For the next six months or so Green taught herself how to play the guitar while experimenting with melodies, lyrics, and sounds. She refers to the results as "the karaoke tapes" -- the literally hundreds of unlabeled cassettes that litter her apartment, each filled with melodic ideas, nonsensical aural fragments, and songs in various stages of development. It was one such cassette that sparked Ulloa's enthusiasm. After seeing her perform, he asked Green if she had anything on tape. She demurred, he persisted, so she went to her car and found one under the seat. The tape floored him. "There's so much magic that I'd be willing to put out a CD just of the karaoke tapes," he says. "They're that incredible."

Those early, homemade versions of Green's songs brim with an urgent kind of tension that connects daring experimentation and raw talent.
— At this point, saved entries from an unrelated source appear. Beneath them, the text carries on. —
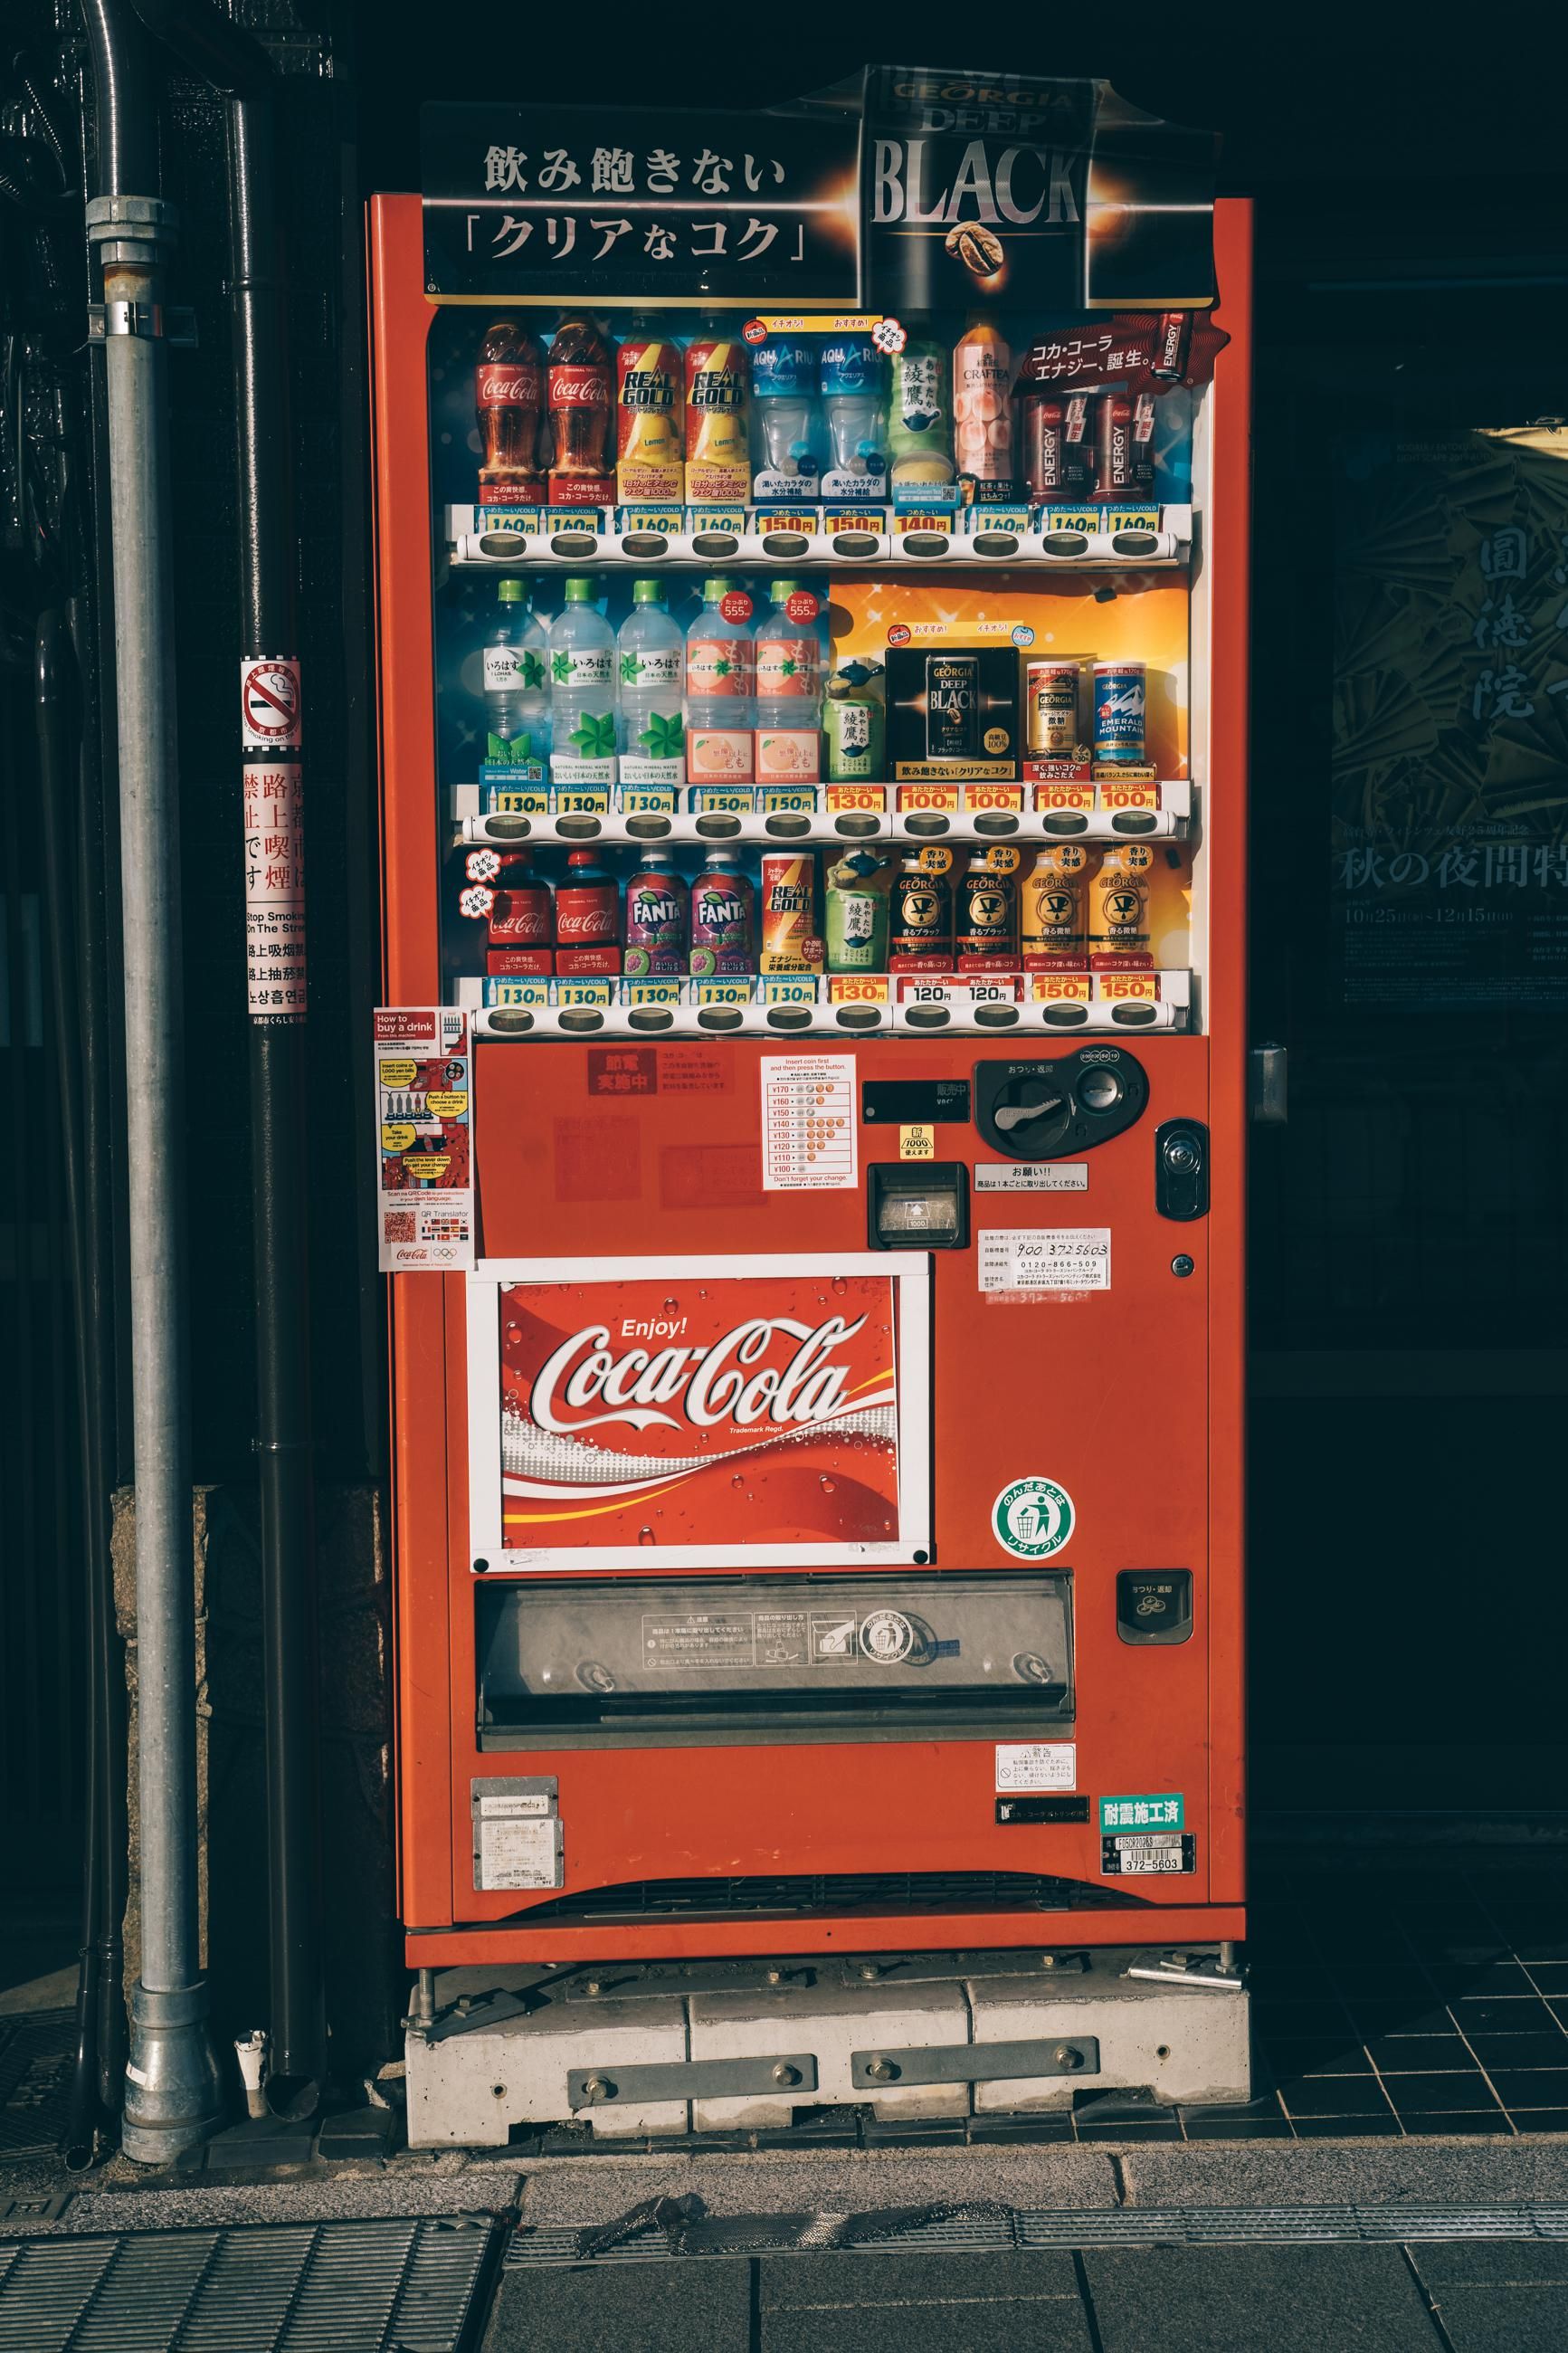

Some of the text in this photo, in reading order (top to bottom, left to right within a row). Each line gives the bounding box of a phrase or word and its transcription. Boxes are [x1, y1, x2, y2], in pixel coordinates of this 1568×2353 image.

[893, 79, 1077, 110] GEORGIA
[917, 105, 1047, 135] DEEP
[483, 144, 786, 195] 飲み飽きない
[873, 138, 1082, 226] BLACK
[464, 213, 805, 263] 「クリアなコク」
[1164, 324, 1178, 367] ENERGY
[623, 366, 674, 389] REAL
[964, 368, 1011, 381] CRAFTEA
[482, 376, 537, 401] Coca-Cola
[553, 377, 608, 401] Coca-Cola
[622, 388, 674, 407] GOLD
[1044, 428, 1056, 486] ENERGY
[1113, 426, 1125, 484] ENERGY
[492, 518, 536, 532] 160円
[553, 518, 594, 532] 160円
[636, 518, 679, 532] 160円
[699, 518, 742, 531] 160円
[762, 517, 813, 531] 150円
[829, 517, 879, 531] 150円
[898, 517, 946, 531] 140円
[984, 518, 1025, 532] 160円
[1055, 517, 1097, 532] 160円
[1114, 517, 1155, 531] 160円
[933, 665, 974, 678] GEORGIA
[940, 680, 967, 690] DEEP
[1101, 681, 1127, 690] GEORGIA
[930, 690, 977, 710] BLACK
[1040, 693, 1072, 704] GEORGIA
[1099, 725, 1144, 736] MOUNTAIN
[1101, 718, 1143, 727] EMERALD
[1039, 771, 1075, 779] 飲みごたえ
[503, 796, 546, 813] 130円
[563, 796, 605, 813] 130円
[630, 795, 671, 812] 130円
[708, 797, 750, 812] 150円
[770, 796, 812, 811] 150円
[830, 794, 881, 809] 130円
[903, 793, 955, 809] 100円
[966, 793, 1018, 809] 100円
[1040, 792, 1091, 809] 100円
[1102, 791, 1154, 807] 100円
[262, 773, 290, 891] 路上喫煙
[925, 849, 946, 859] 香り
[771, 880, 811, 899] REAL
[633, 900, 680, 925] FANTA
[698, 900, 746, 924] FANTA
[771, 898, 811, 912] GOLD
[247, 911, 305, 923] Stop Smokin
[557, 910, 613, 934] Coca-Cola
[257, 924, 279, 933] The
[503, 988, 545, 1004] 130円
[564, 989, 606, 1005] 130円
[636, 988, 679, 1004] 130円
[705, 988, 747, 1004] 130円
[771, 987, 813, 1002] 130円
[833, 985, 885, 1001] 130円
[913, 986, 952, 1002] 120円
[968, 986, 1007, 1002] 120円
[1036, 983, 1087, 999] 150円
[1102, 982, 1154, 998] 150円
[377, 1024, 397, 1034] buy
[406, 1022, 432, 1032] drink
[911, 1127, 924, 1138] 新
[905, 1139, 929, 1148] 1000
[396, 1249, 428, 1260] Coca-Cola
[1016, 1243, 1042, 1258] 900
[621, 1317, 688, 1338] Enjoy!
[530, 1311, 870, 1433] Coca-Cola
[1003, 1481, 1066, 1507] のんだあとは
[1006, 1535, 1062, 1555] リサイクル
[1104, 1800, 1179, 1826] 耐震施工済
[1126, 1859, 1178, 1871] 372-5603
If anything, the effect is enhanced by Green's rudimentary guitar chops and the limitations of the karaoke machine. (The device is made to record only one dub clearly; subsequent dubs make the preceding mixes murkier, and some of the songs have been copied at least a half-dozen times.) "A lot of people have told me I play the guitar like a pianist, which is kind of weird," she states unsurprisingly. "I think because I know what notes go together, but I don't know where they are on the guitar, I wind up with voicings that sound different than regular chords. I know enough chords to write songs, though. You only need a few, right?"
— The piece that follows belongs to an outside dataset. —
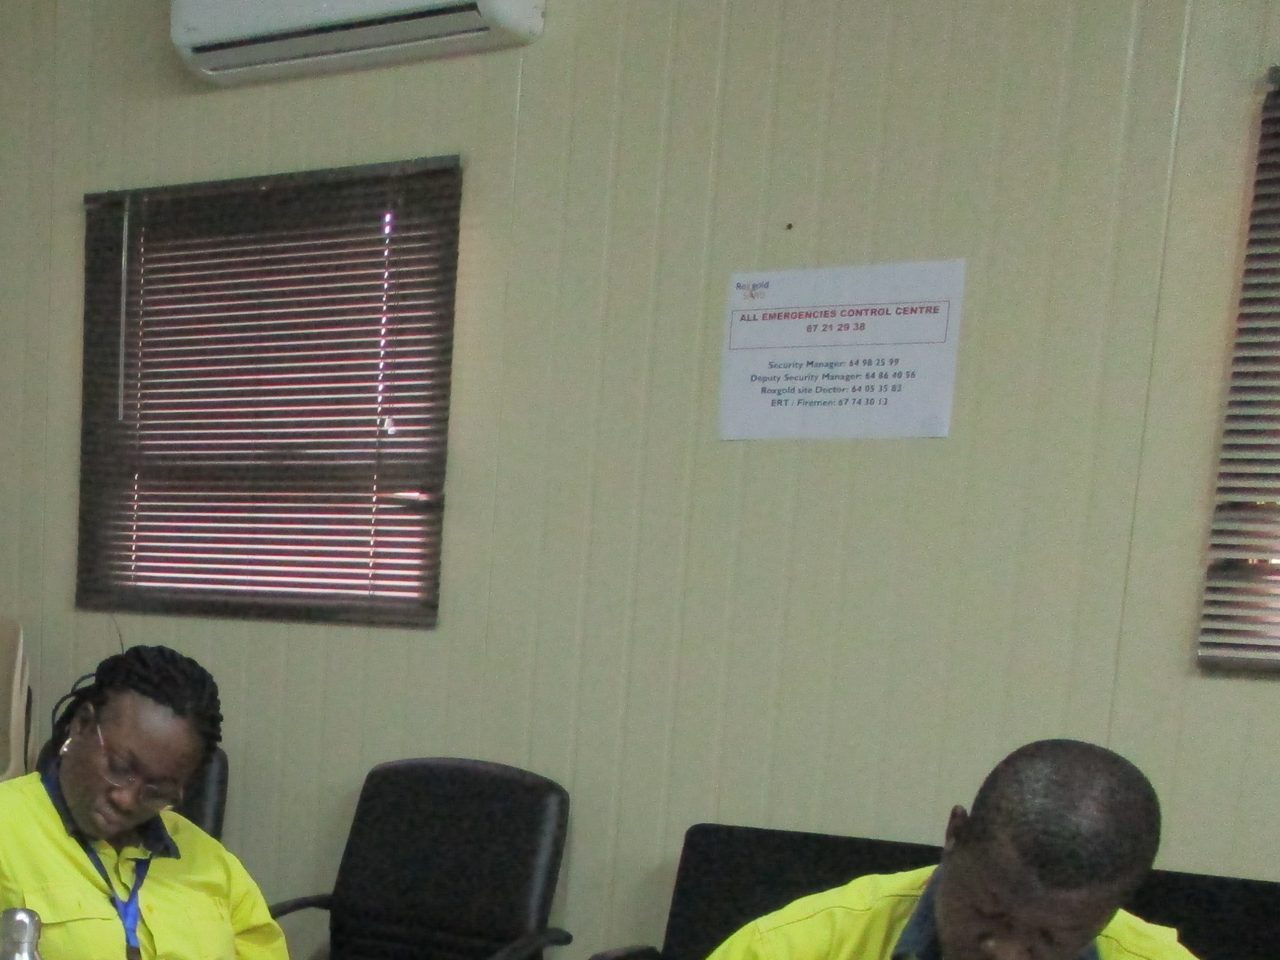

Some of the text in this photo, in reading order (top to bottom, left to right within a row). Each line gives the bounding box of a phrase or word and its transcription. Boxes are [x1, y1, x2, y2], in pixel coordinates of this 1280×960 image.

Despite the technical limitations, Green's playfulness with lyrics and melodies pierces through the decidedly low-fi murk of the karaoke tapes, whether it's the bright, relatively uncluttered mix of the whimsical "Twenty Years" ("I like pretending that I'm in the CIA/I spy on strangers just to brighten up my day") or the hazy, opium-den feel of "Way Out," a seething fuck-you dirge ("I'm not your friend/I don't like you any more/Season's over/Don't let your ass hit the door").

"It was a total gamble what was on it," Green observes of the tape she handed over to Ulloa. "Actually I was lucky because there were a few songs on that tape, and I could have given him a tape of me mumbling to myself." Green pauses to reflect on the felicitous twists of fate her career has taken in the past ten months. "I mean, think about it: My whole life I'm living up to a certain day in a certain way, then one day I just played a show and I meet Matt and then I started playing a bunch of shows, and it's been completely different since then. Last year at this time I wasn't doing anything. I was thinking about signing up for summer school and, you know, getting a life."

Another pause. "I just hope I don't use up all my luck.